[TRY IT]
If a picture appears in the records, skip it; copy everything else exactly.

━━ DATA EXTRACTS ━━

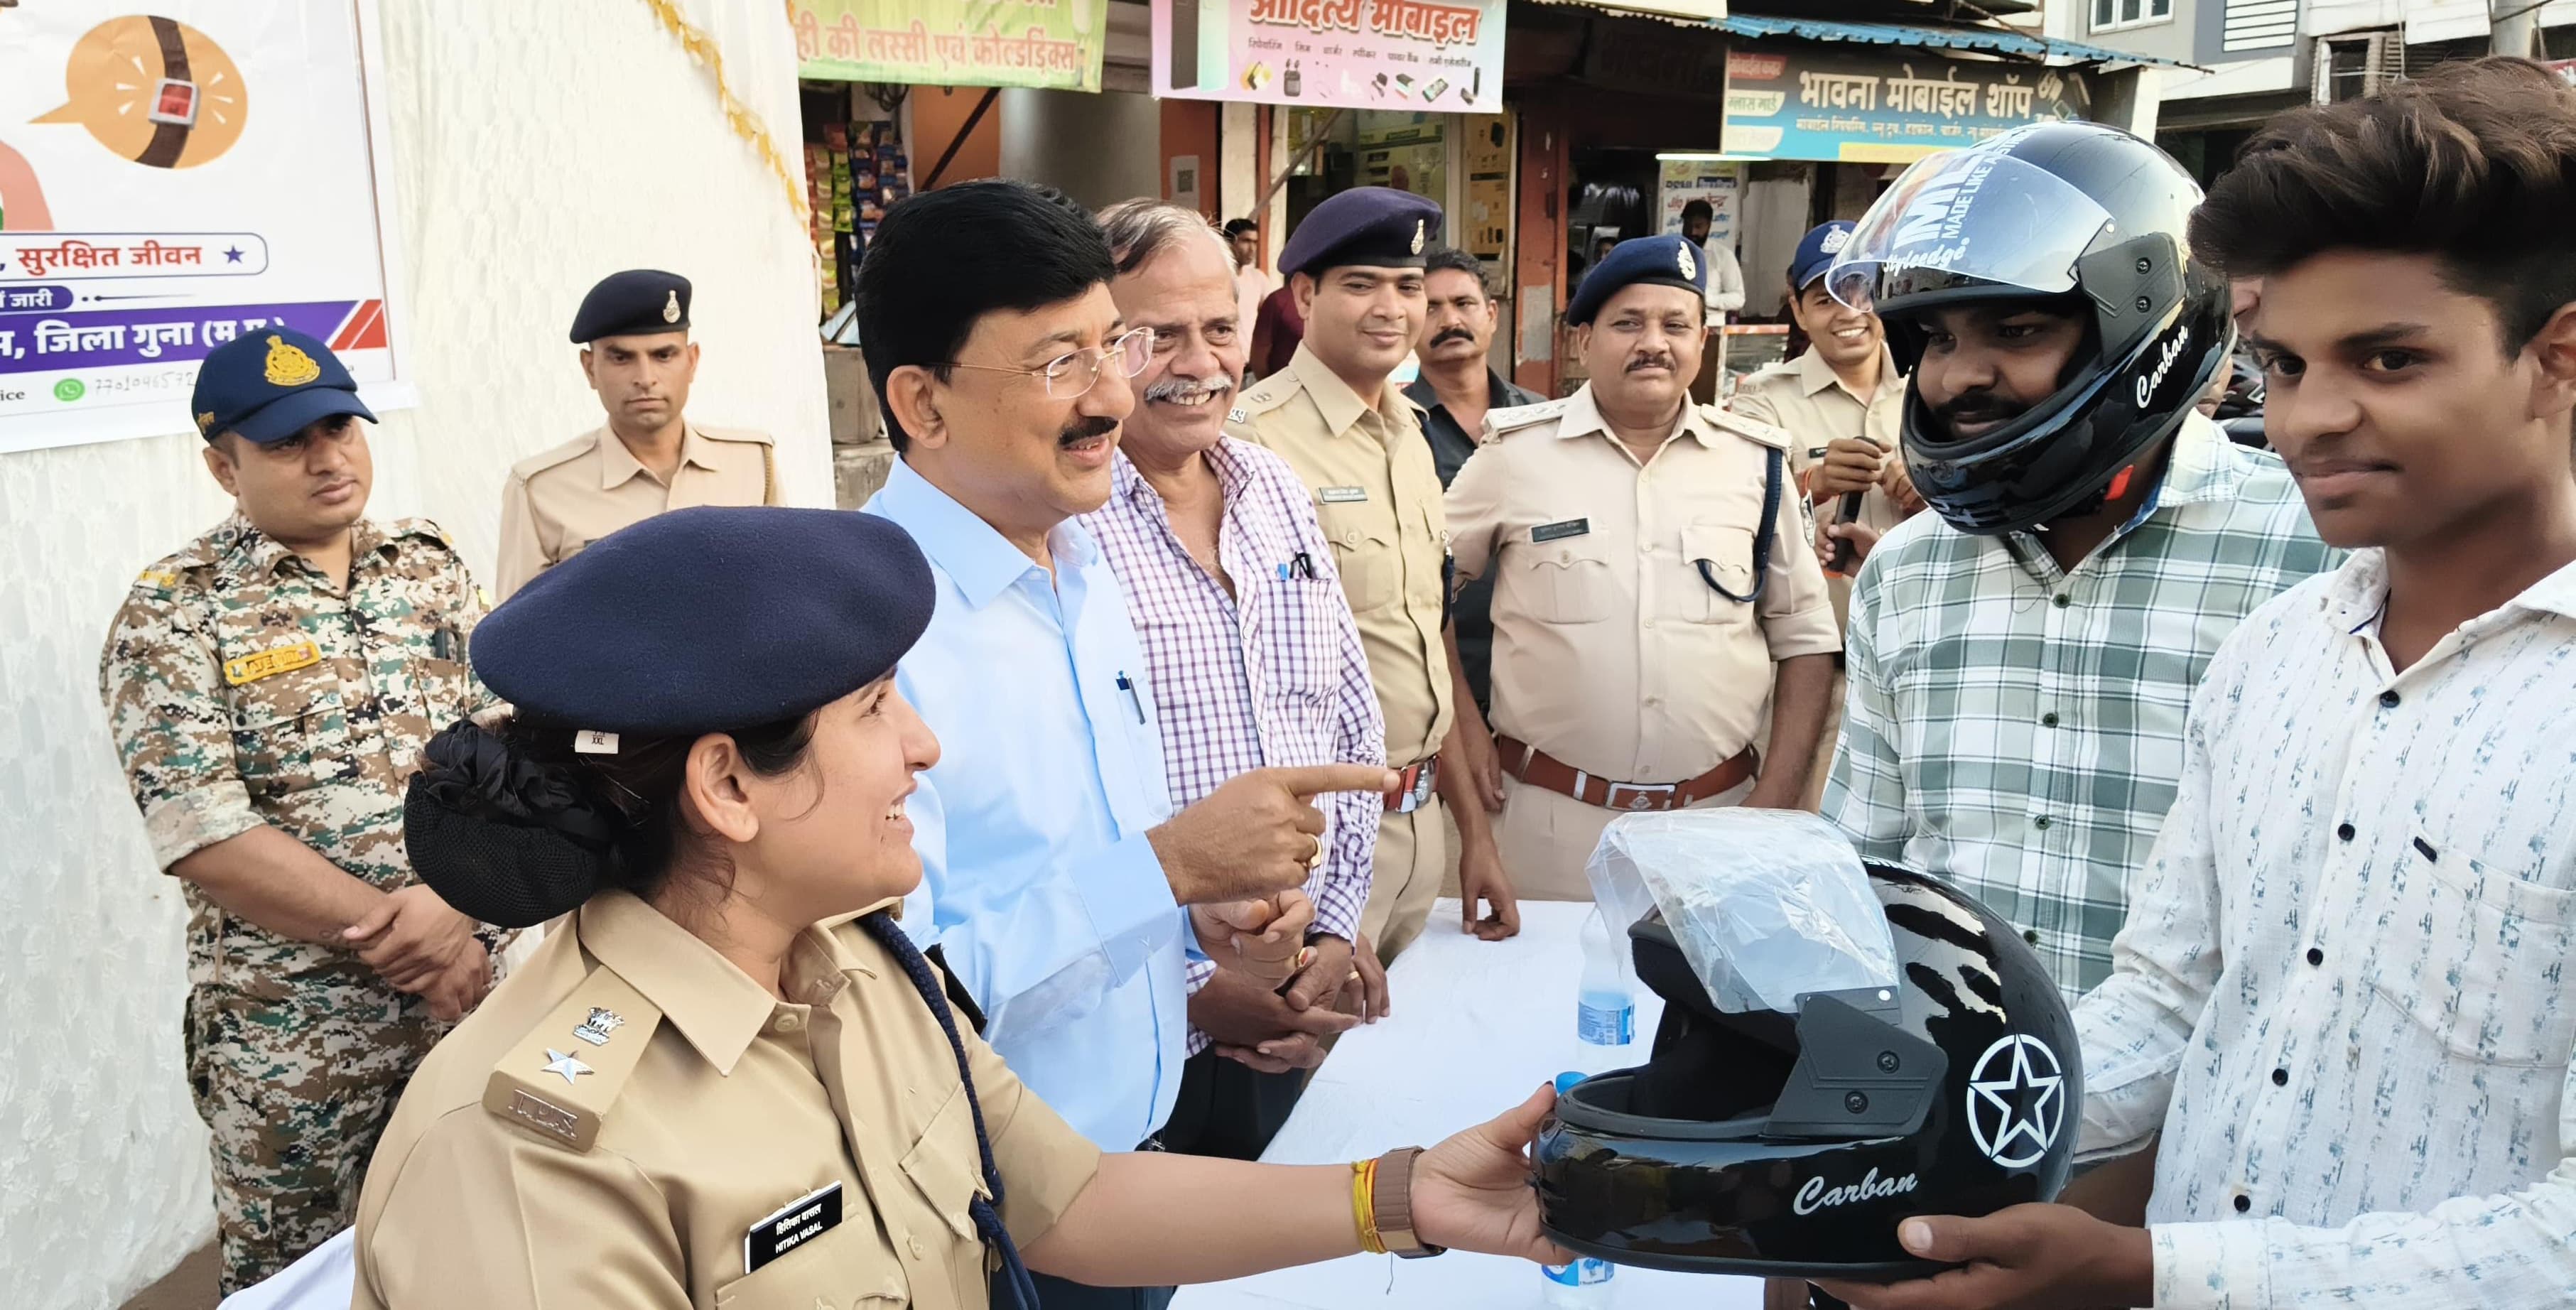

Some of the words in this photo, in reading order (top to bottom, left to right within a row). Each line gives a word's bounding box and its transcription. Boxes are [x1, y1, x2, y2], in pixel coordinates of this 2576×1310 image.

[795, 10, 819, 62] ही
[826, 13, 860, 60] की
[865, 18, 928, 64] लस्सी
[933, 22, 967, 71] एवं
[1799, 71, 1879, 111] भावना
[1887, 63, 1979, 119] मोबाईल
[1986, 74, 2035, 119] शॉप
[1942, 190, 1974, 238] MADE
[1961, 166, 1993, 193] LIKE
[16, 240, 121, 276] सुरक्षित
[129, 239, 202, 266] जीवन
[9, 288, 54, 307] जारी
[33, 319, 126, 355] जिला
[131, 322, 195, 357] गुना
[2137, 325, 2188, 408] Carban
[1793, 1166, 1918, 1215] Carban
[775, 1233, 799, 1254] HITIKA
[799, 1220, 823, 1240] VASAL
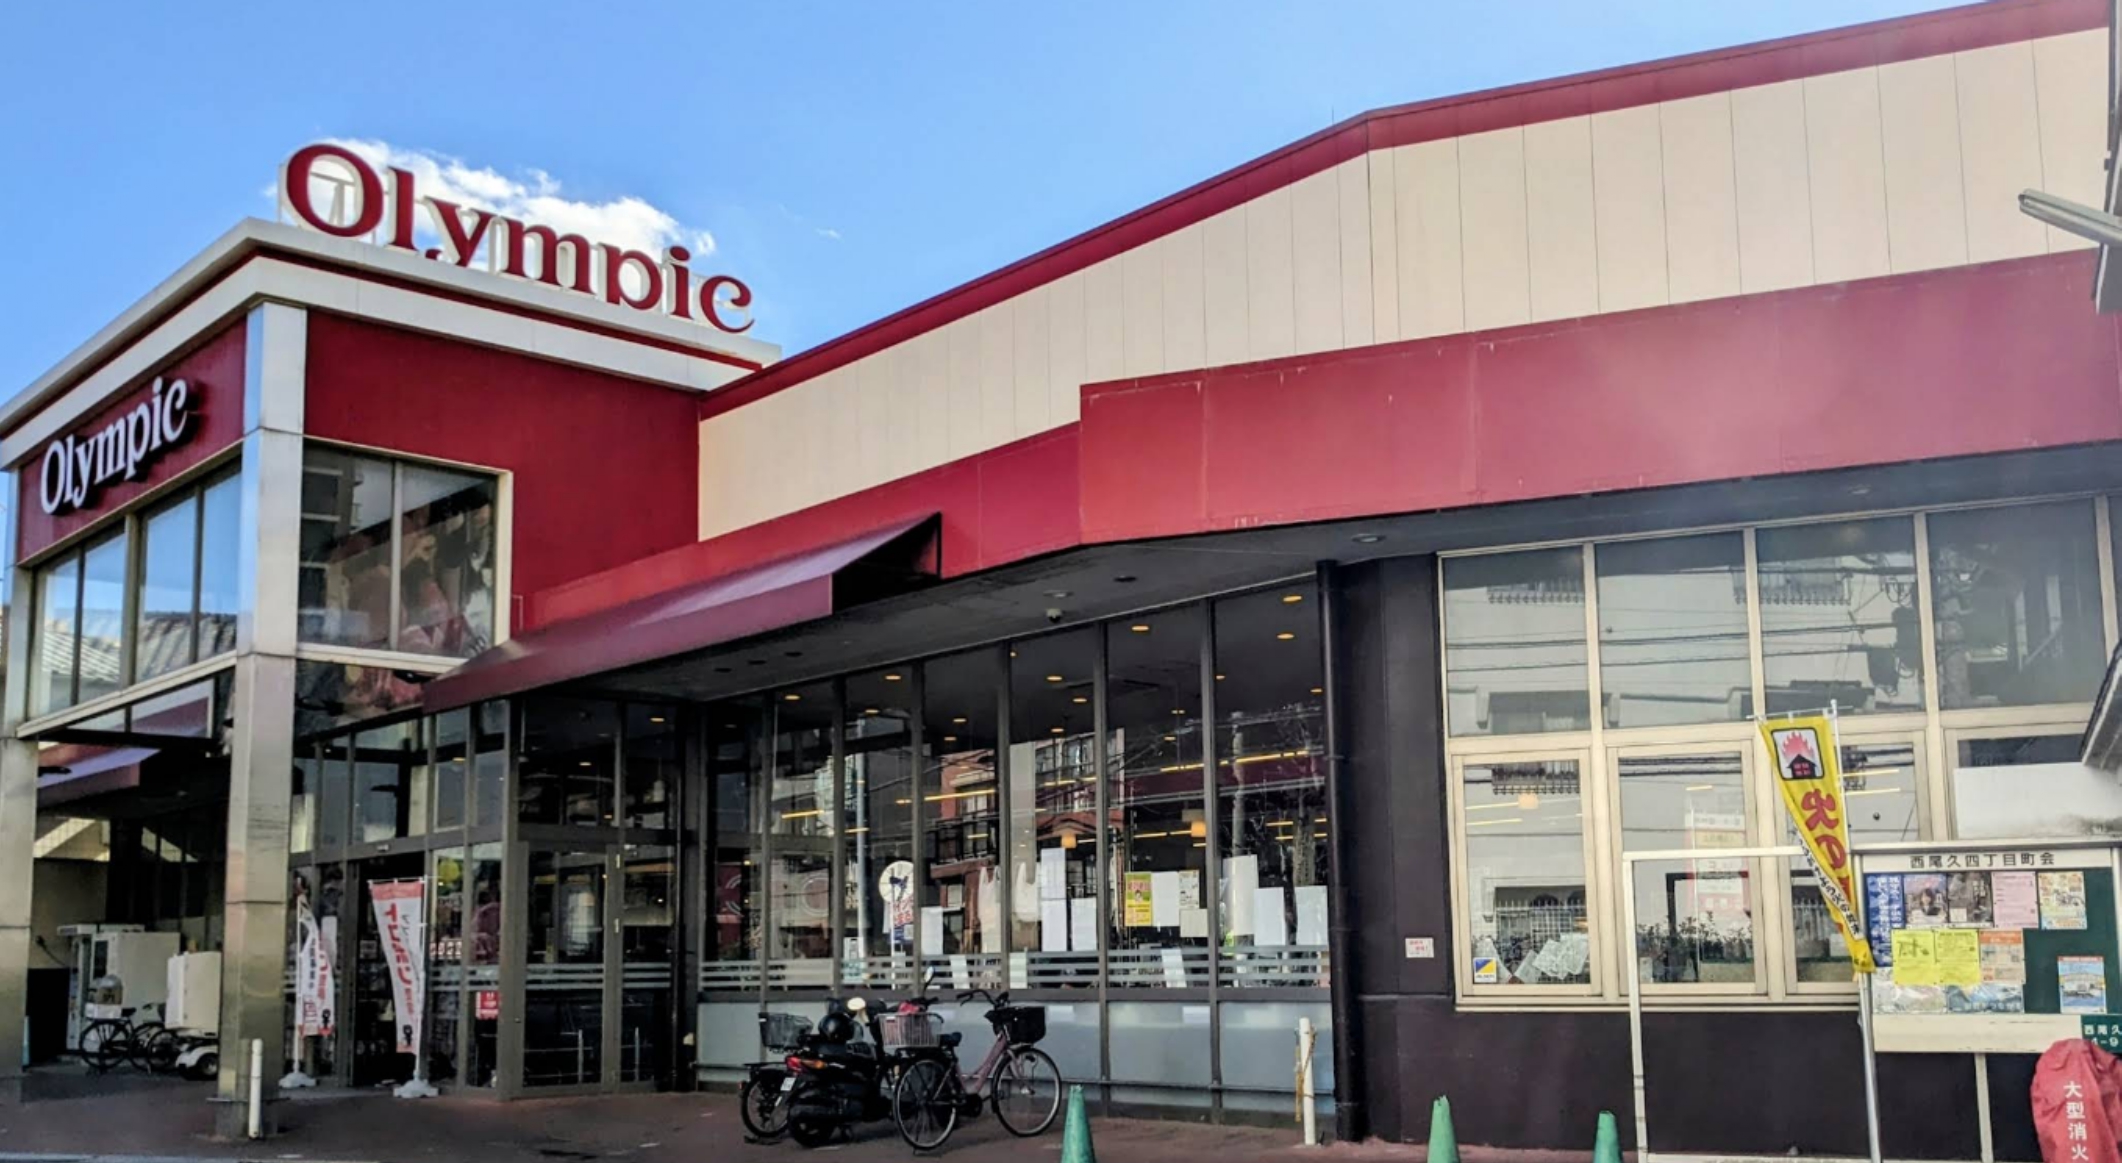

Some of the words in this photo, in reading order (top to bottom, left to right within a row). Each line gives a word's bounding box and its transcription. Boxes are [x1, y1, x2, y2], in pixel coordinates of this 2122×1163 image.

━━━

[WRITTEN SOLUTION]
Some of the words in this photo, in reading order (top to bottom, left to right within a row). Each line gives a word's bounding box and its transcription. Boxes are [x1, y1, x2, y2], in pixel coordinates of this 2576×1310 image.

[795, 10, 819, 62] ही
[826, 13, 860, 60] की
[865, 18, 928, 64] लस्सी
[933, 22, 967, 71] एवं
[1799, 71, 1879, 111] भावना
[1887, 63, 1979, 119] मोबाईल
[1986, 74, 2035, 119] शॉप
[1942, 190, 1974, 238] MADE
[1961, 166, 1993, 193] LIKE
[16, 240, 121, 276] सुरक्षित
[129, 239, 202, 266] जीवन
[9, 288, 54, 307] जारी
[33, 319, 126, 355] जिला
[131, 322, 195, 357] गुना
[2137, 325, 2188, 408] Carban
[1793, 1166, 1918, 1215] Carban
[775, 1233, 799, 1254] HITIKA
[799, 1220, 823, 1240] VASAL

Some of the words in this photo, in reading order (top to bottom, left to right within a row). Each line gives a word's bounding box and its transcription. Boxes are [x1, y1, x2, y2], in pixel coordinates of this 2122×1163 image.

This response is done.